Omit the pictures, please, and give each record below again exactly.
___ RECORDS SHOWN ___
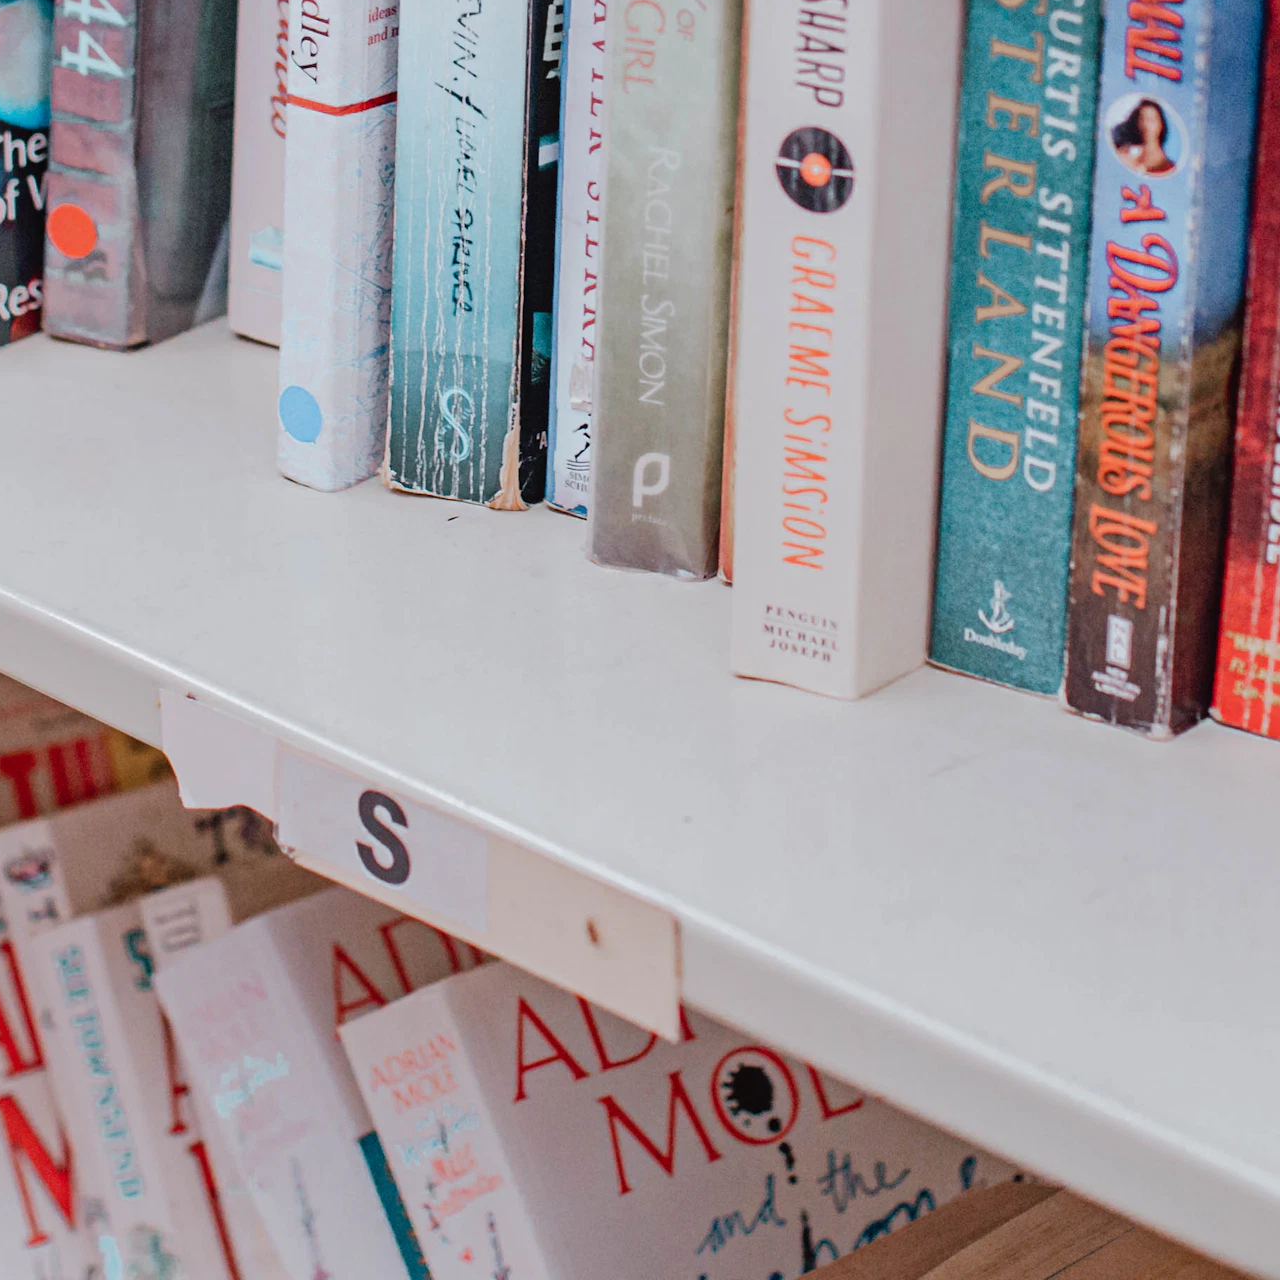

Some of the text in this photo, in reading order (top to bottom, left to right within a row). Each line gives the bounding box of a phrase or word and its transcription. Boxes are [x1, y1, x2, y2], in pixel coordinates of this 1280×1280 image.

[368, 4, 397, 23] ideas
[368, 30, 389, 45] and
[677, 9, 695, 42] OF
[1120, 184, 1167, 225] A
[637, 145, 681, 406] RACHEL SIMON
[786, 235, 837, 397] GRAEME
[1022, 186, 1073, 492] SITTENFELD
[1097, 232, 1179, 502] DANGEROUS
[782, 407, 831, 571] SIMSION
[1089, 502, 1158, 610] LOVE
[763, 622, 839, 651] MICHAEL
[765, 604, 838, 631] PENGUIN
[769, 639, 832, 663] JOSEPH
[355, 790, 411, 886] S
[817, 1149, 911, 1214] the
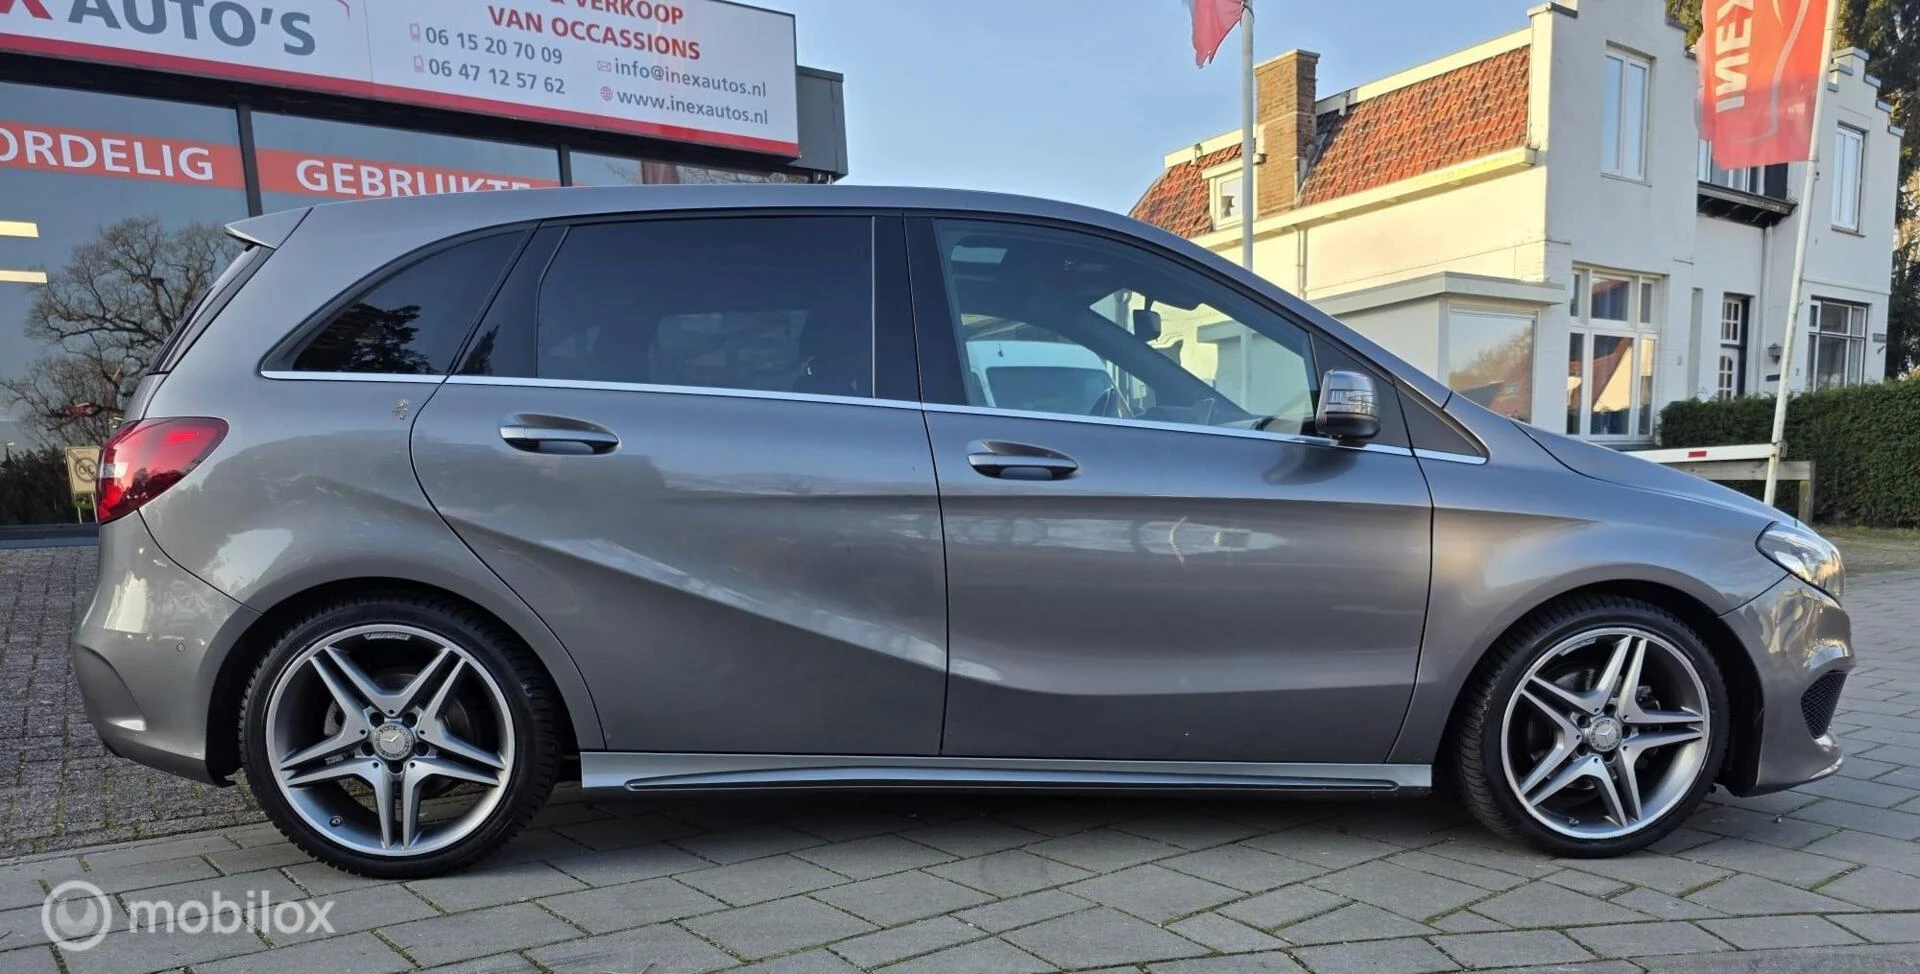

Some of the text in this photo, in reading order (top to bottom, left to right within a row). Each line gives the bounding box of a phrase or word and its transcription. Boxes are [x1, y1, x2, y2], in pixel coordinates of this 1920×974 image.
___
## ANSWER SPACE
Some of the text in this photo, in reading order (top to bottom, left to right within a row). Each line gives the bounding box of a phrase or word and its transcription. Boxes are [x1, y1, x2, y2], in pixel coordinates of this 1280×1280 image.

[368, 4, 397, 23] ideas
[368, 30, 389, 45] and
[677, 9, 695, 42] OF
[1120, 184, 1167, 225] A
[637, 145, 681, 406] RACHEL SIMON
[786, 235, 837, 397] GRAEME
[1022, 186, 1073, 492] SITTENFELD
[1097, 232, 1179, 502] DANGEROUS
[782, 407, 831, 571] SIMSION
[1089, 502, 1158, 610] LOVE
[763, 622, 839, 651] MICHAEL
[765, 604, 838, 631] PENGUIN
[769, 639, 832, 663] JOSEPH
[355, 790, 411, 886] S
[817, 1149, 911, 1214] the

Some of the text in this photo, in reading order (top to bottom, left to right within a row). Each line gives the bounding box of a phrase or word and its transcription. Boxes are [x1, y1, x2, y2], in pixel coordinates of this 1920×974 image.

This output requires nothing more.